:: DATA FOR THIS EXERCISE
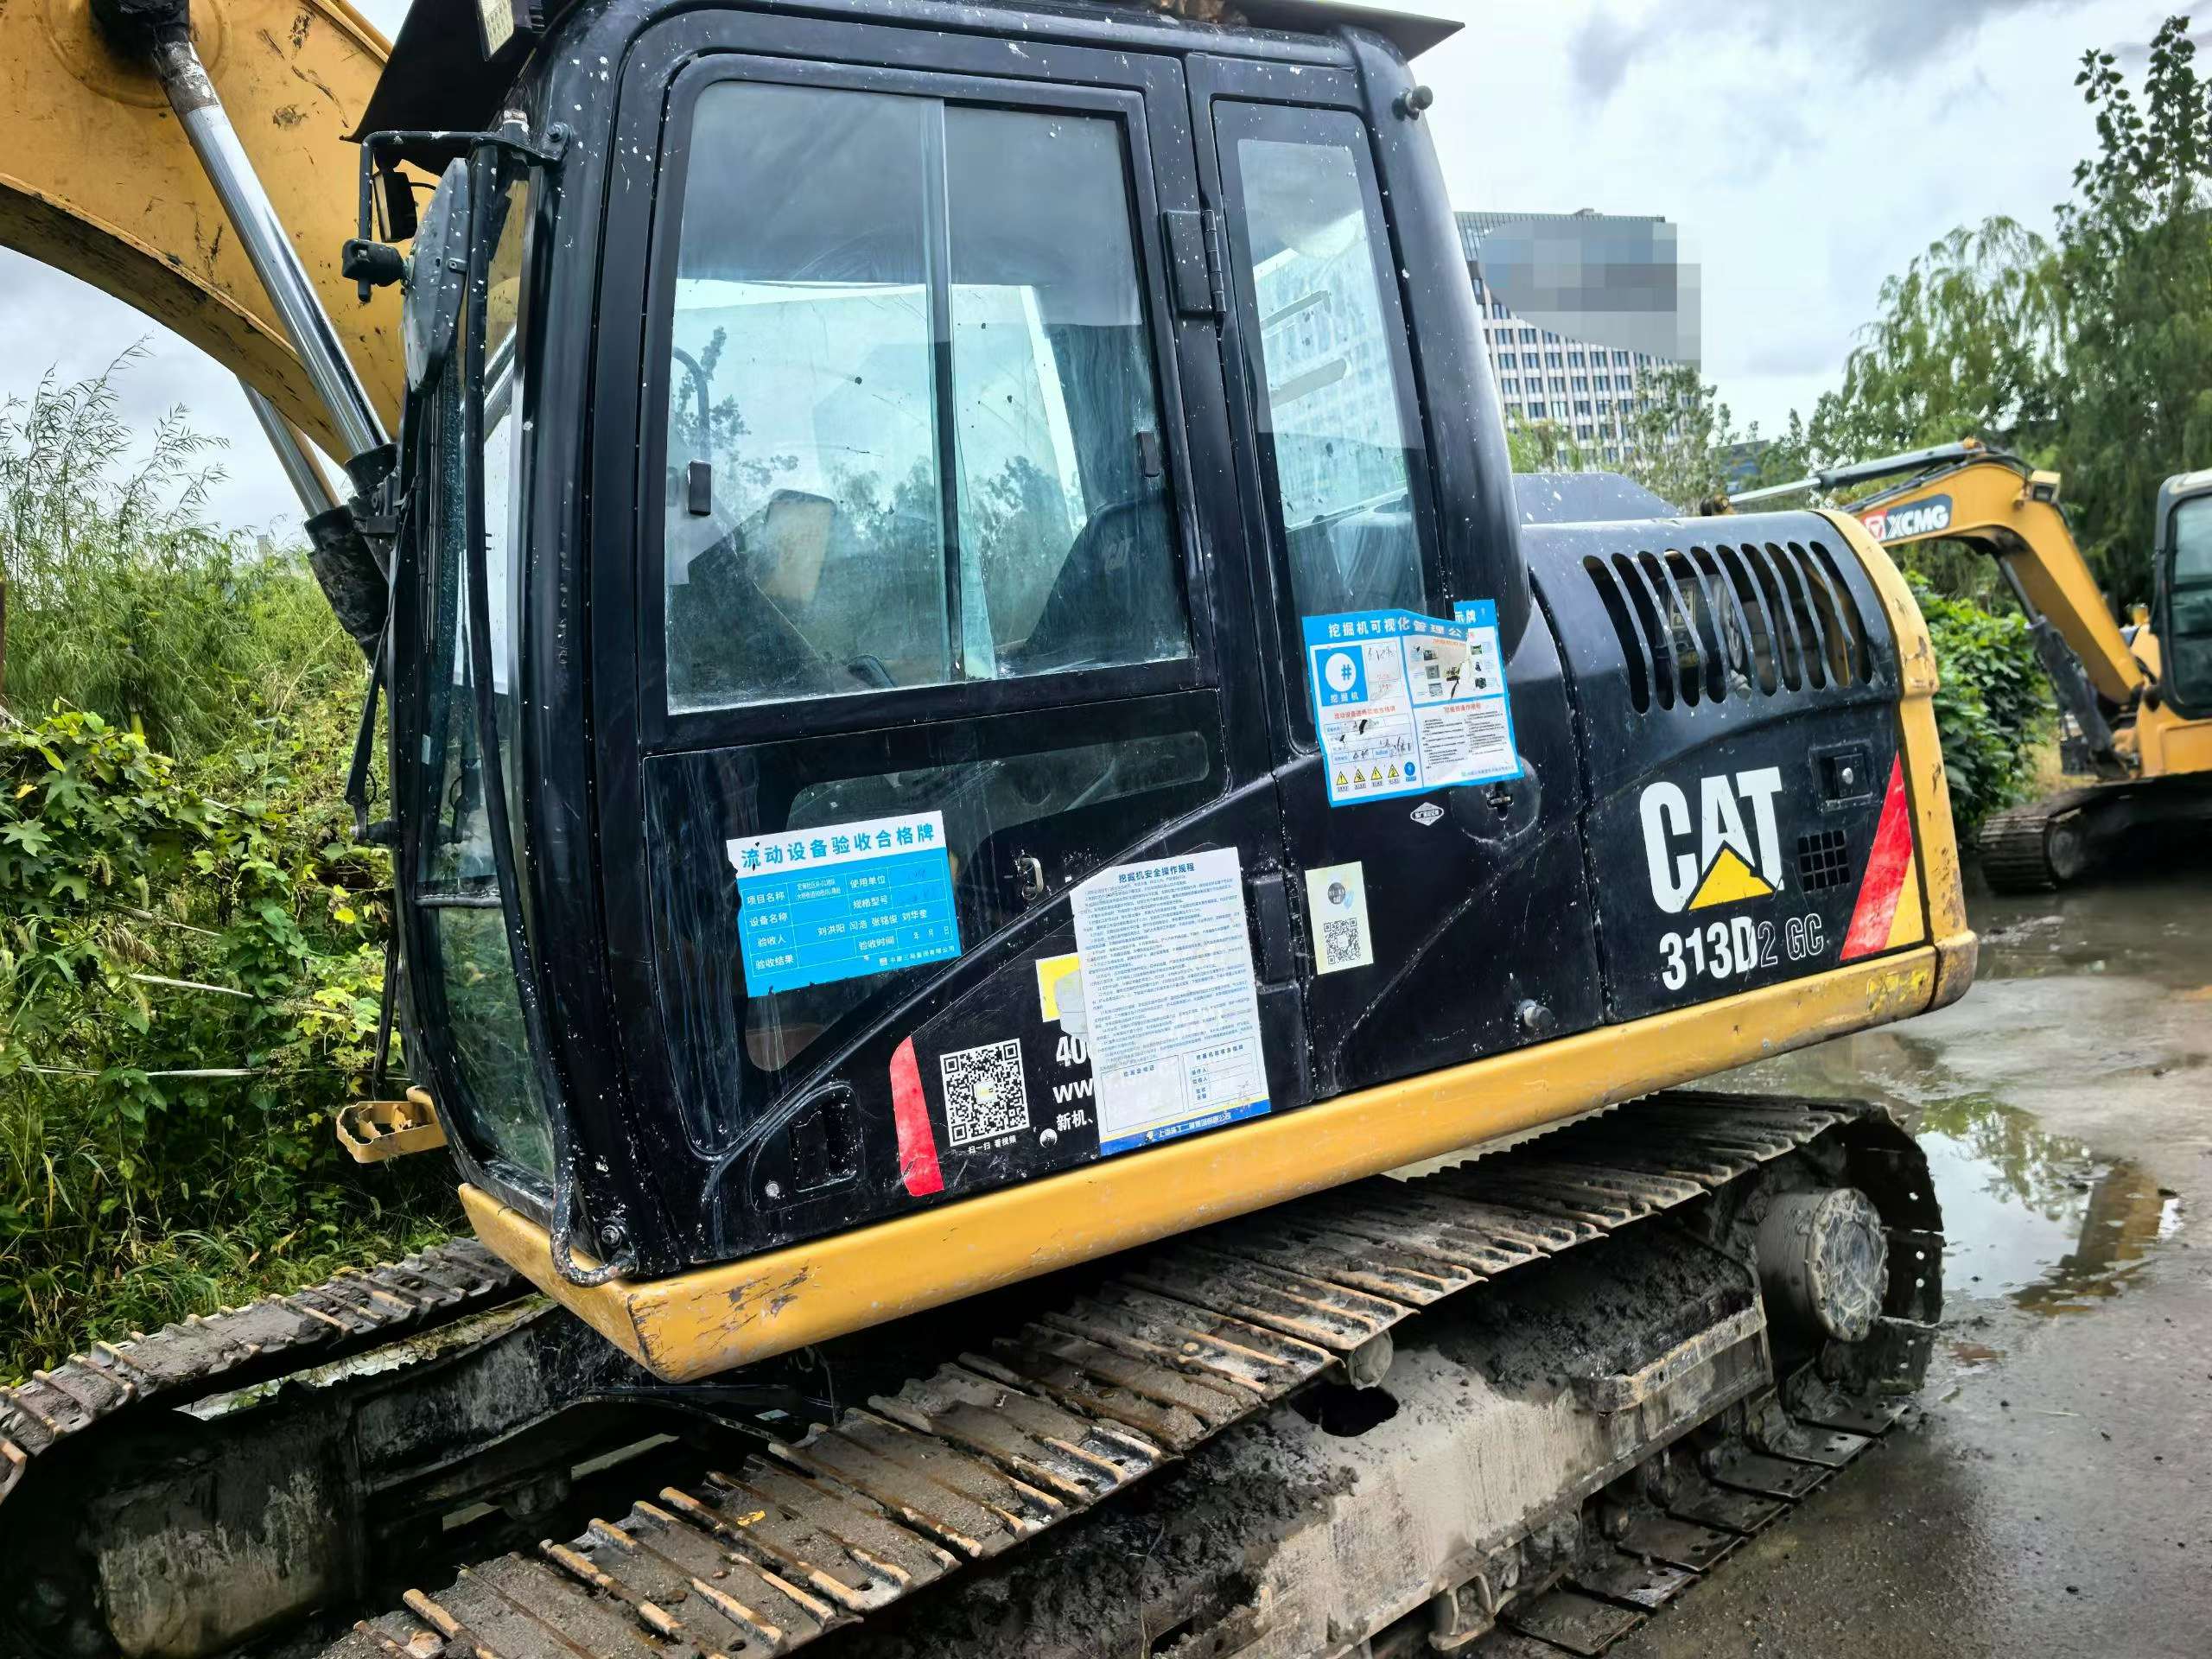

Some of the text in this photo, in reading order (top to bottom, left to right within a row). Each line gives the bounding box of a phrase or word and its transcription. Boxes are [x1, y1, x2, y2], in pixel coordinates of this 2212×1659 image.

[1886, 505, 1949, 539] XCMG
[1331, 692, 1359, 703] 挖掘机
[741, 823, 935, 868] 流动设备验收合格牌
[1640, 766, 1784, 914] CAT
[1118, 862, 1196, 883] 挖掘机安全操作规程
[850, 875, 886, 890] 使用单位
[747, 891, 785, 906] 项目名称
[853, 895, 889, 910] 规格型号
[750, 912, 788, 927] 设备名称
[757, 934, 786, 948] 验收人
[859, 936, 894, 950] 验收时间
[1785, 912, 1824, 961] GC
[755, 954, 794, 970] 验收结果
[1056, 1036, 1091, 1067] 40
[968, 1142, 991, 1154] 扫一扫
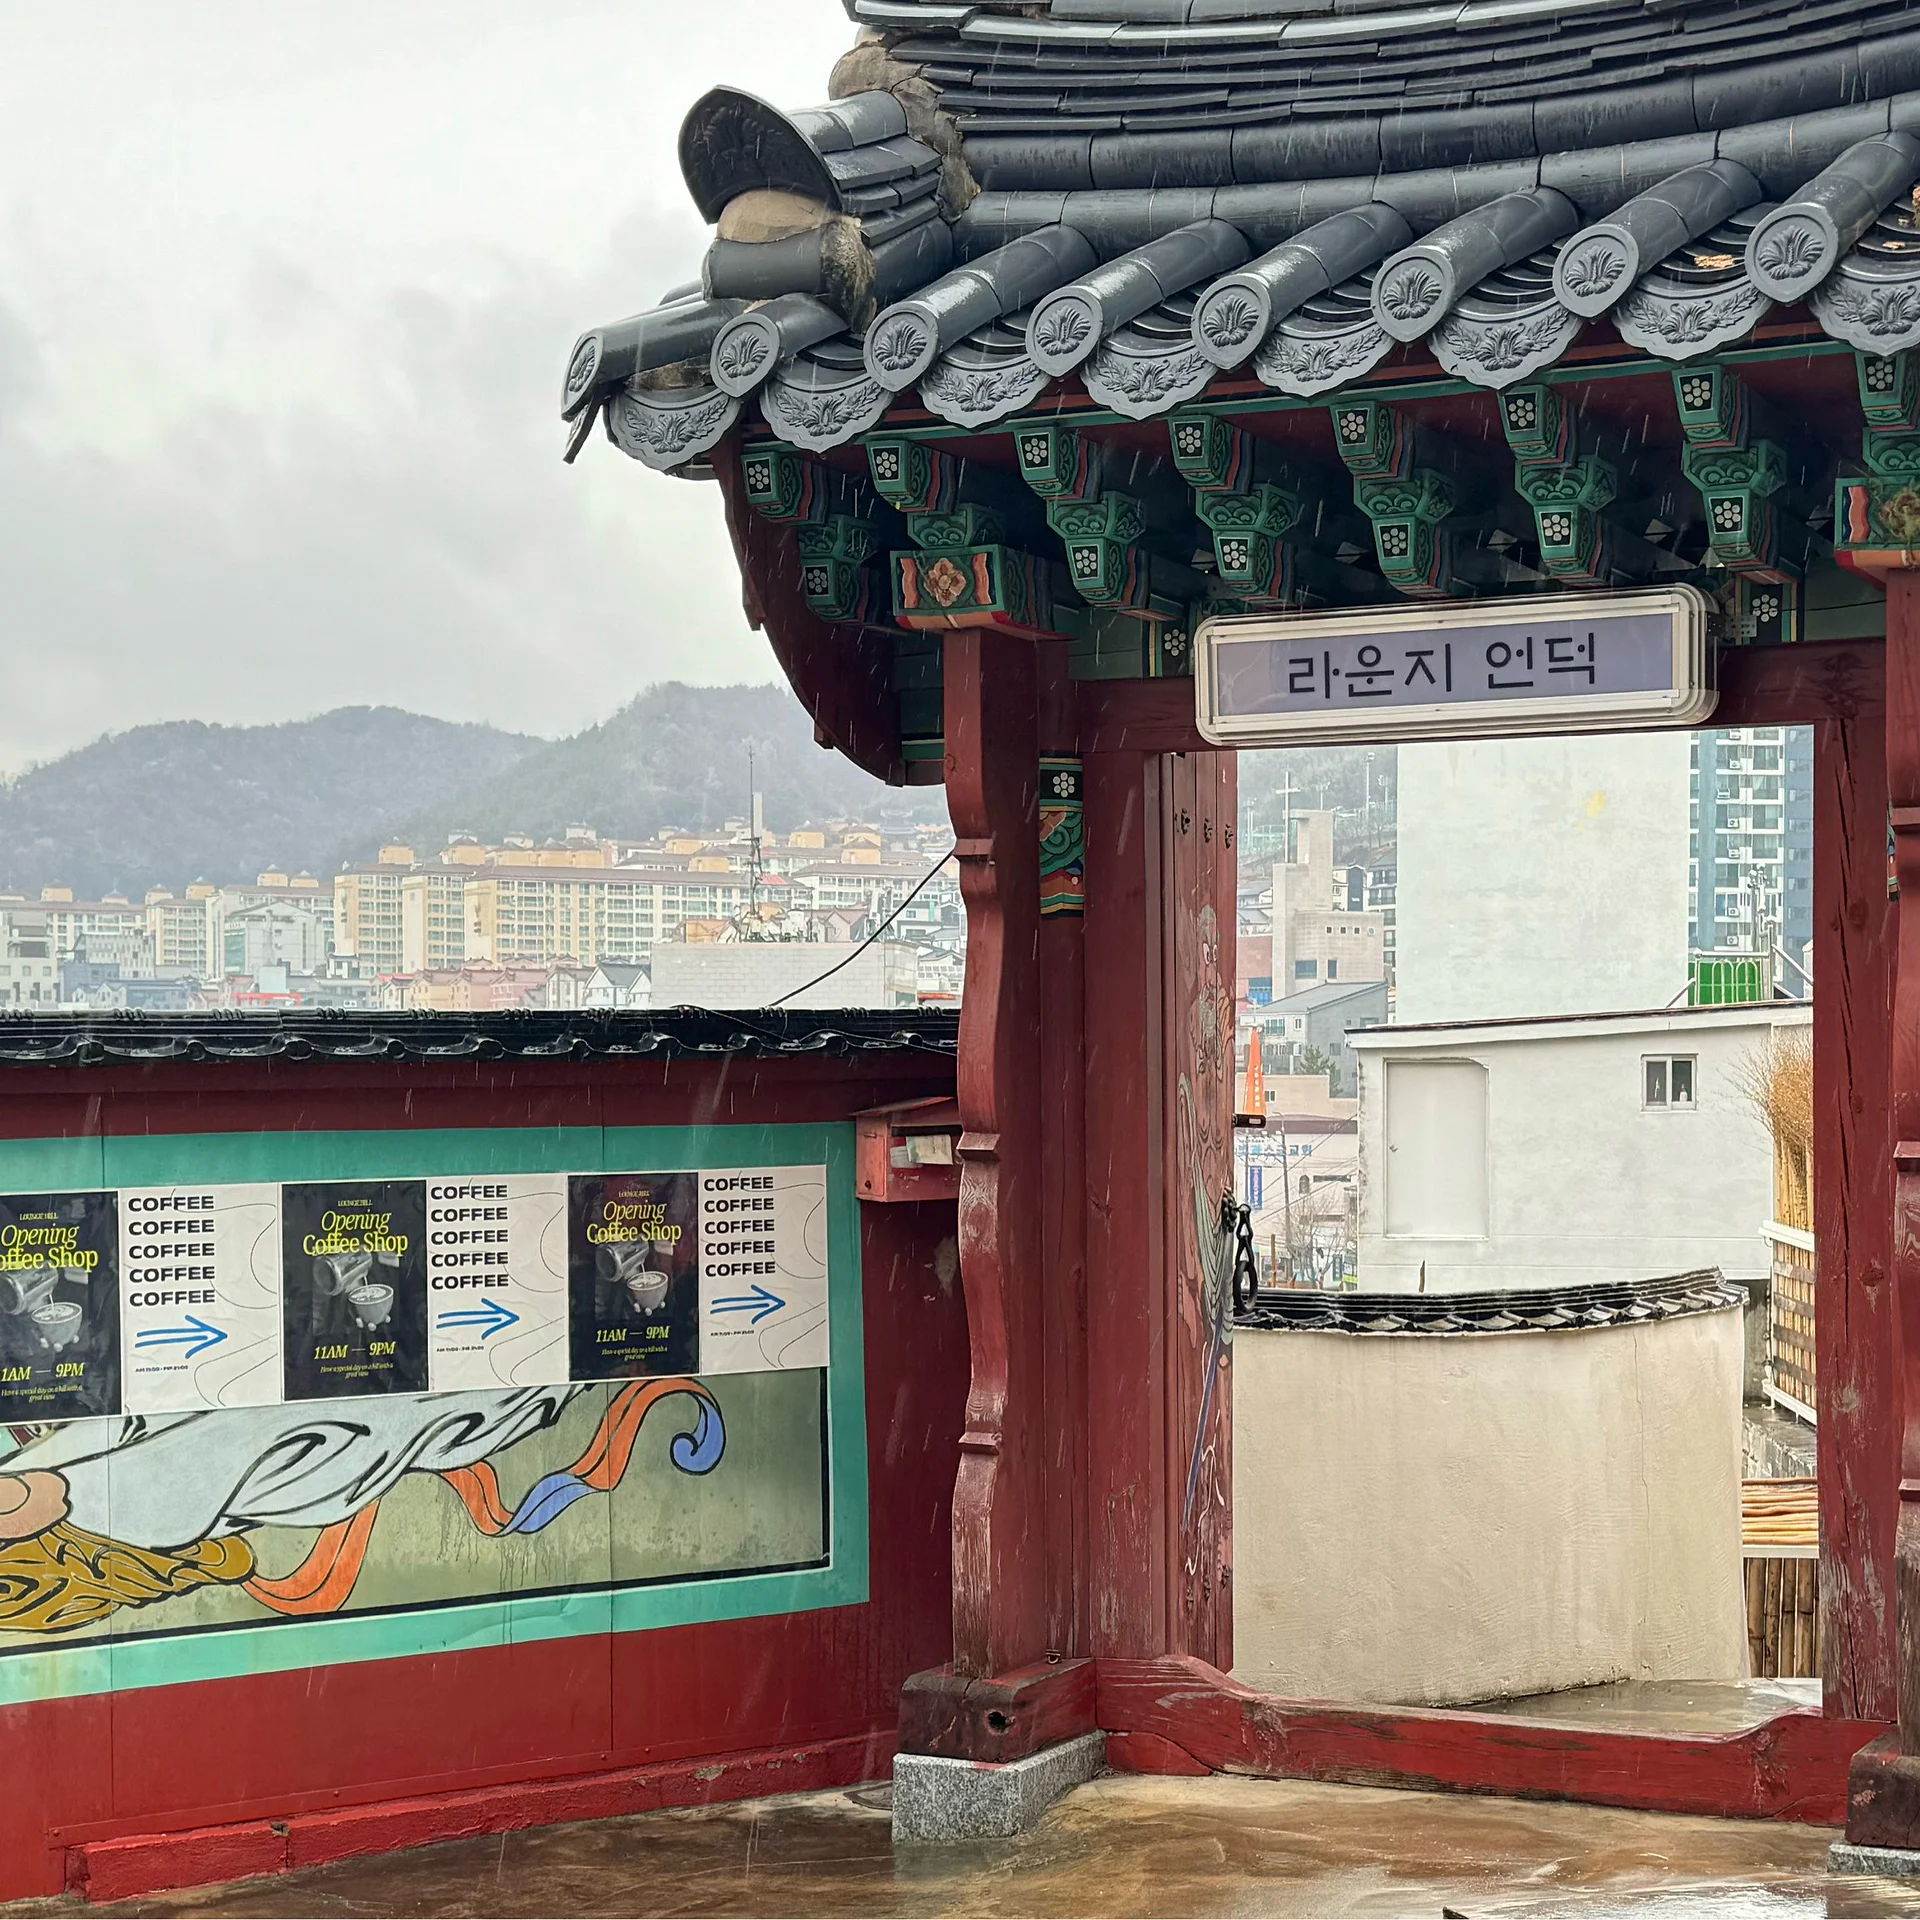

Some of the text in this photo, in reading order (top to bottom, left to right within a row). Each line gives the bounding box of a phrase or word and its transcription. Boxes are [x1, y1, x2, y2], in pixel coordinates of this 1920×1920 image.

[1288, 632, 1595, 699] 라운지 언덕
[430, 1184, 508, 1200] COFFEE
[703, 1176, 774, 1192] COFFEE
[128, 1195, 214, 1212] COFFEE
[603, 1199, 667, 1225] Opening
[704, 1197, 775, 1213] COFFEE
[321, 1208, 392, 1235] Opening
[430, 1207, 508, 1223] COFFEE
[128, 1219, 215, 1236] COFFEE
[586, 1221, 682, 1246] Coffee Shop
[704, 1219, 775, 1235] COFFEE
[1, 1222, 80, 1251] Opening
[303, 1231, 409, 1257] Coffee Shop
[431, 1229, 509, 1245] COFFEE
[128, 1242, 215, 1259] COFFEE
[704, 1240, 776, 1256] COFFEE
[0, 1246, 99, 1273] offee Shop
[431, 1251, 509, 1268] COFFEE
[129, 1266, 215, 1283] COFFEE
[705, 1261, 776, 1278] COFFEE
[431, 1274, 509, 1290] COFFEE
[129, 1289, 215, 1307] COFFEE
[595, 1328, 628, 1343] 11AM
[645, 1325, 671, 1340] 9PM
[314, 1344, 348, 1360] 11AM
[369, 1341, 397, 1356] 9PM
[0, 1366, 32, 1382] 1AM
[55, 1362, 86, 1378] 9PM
::::
EXERCISE GOAL ▸ From the first line to the last, return the records exactly and leave the pictures behind.

REPLY TO THE TASK ▸
Some of the text in this photo, in reading order (top to bottom, left to right within a row). Each line gives the bounding box of a phrase or word and its transcription. Boxes are [x1, y1, x2, y2], in pixel coordinates of this 2212×1659 image.

[1886, 505, 1949, 539] XCMG
[1331, 692, 1359, 703] 挖掘机
[741, 823, 935, 868] 流动设备验收合格牌
[1640, 766, 1784, 914] CAT
[1118, 862, 1196, 883] 挖掘机安全操作规程
[850, 875, 886, 890] 使用单位
[747, 891, 785, 906] 项目名称
[853, 895, 889, 910] 规格型号
[750, 912, 788, 927] 设备名称
[757, 934, 786, 948] 验收人
[859, 936, 894, 950] 验收时间
[1785, 912, 1824, 961] GC
[755, 954, 794, 970] 验收结果
[1056, 1036, 1091, 1067] 40
[968, 1142, 991, 1154] 扫一扫

Some of the text in this photo, in reading order (top to bottom, left to right within a row). Each line gives the bounding box of a phrase or word and its transcription. Boxes are [x1, y1, x2, y2], in pixel coordinates of this 1920×1920 image.

[1288, 632, 1595, 699] 라운지 언덕
[430, 1184, 508, 1200] COFFEE
[703, 1176, 774, 1192] COFFEE
[128, 1195, 214, 1212] COFFEE
[603, 1199, 667, 1225] Opening
[704, 1197, 775, 1213] COFFEE
[321, 1208, 392, 1235] Opening
[430, 1207, 508, 1223] COFFEE
[128, 1219, 215, 1236] COFFEE
[586, 1221, 682, 1246] Coffee Shop
[704, 1219, 775, 1235] COFFEE
[1, 1222, 80, 1251] Opening
[303, 1231, 409, 1257] Coffee Shop
[431, 1229, 509, 1245] COFFEE
[128, 1242, 215, 1259] COFFEE
[704, 1240, 776, 1256] COFFEE
[0, 1246, 99, 1273] offee Shop
[431, 1251, 509, 1268] COFFEE
[129, 1266, 215, 1283] COFFEE
[705, 1261, 776, 1278] COFFEE
[431, 1274, 509, 1290] COFFEE
[129, 1289, 215, 1307] COFFEE
[595, 1328, 628, 1343] 11AM
[645, 1325, 671, 1340] 9PM
[314, 1344, 348, 1360] 11AM
[369, 1341, 397, 1356] 9PM
[0, 1366, 32, 1382] 1AM
[55, 1362, 86, 1378] 9PM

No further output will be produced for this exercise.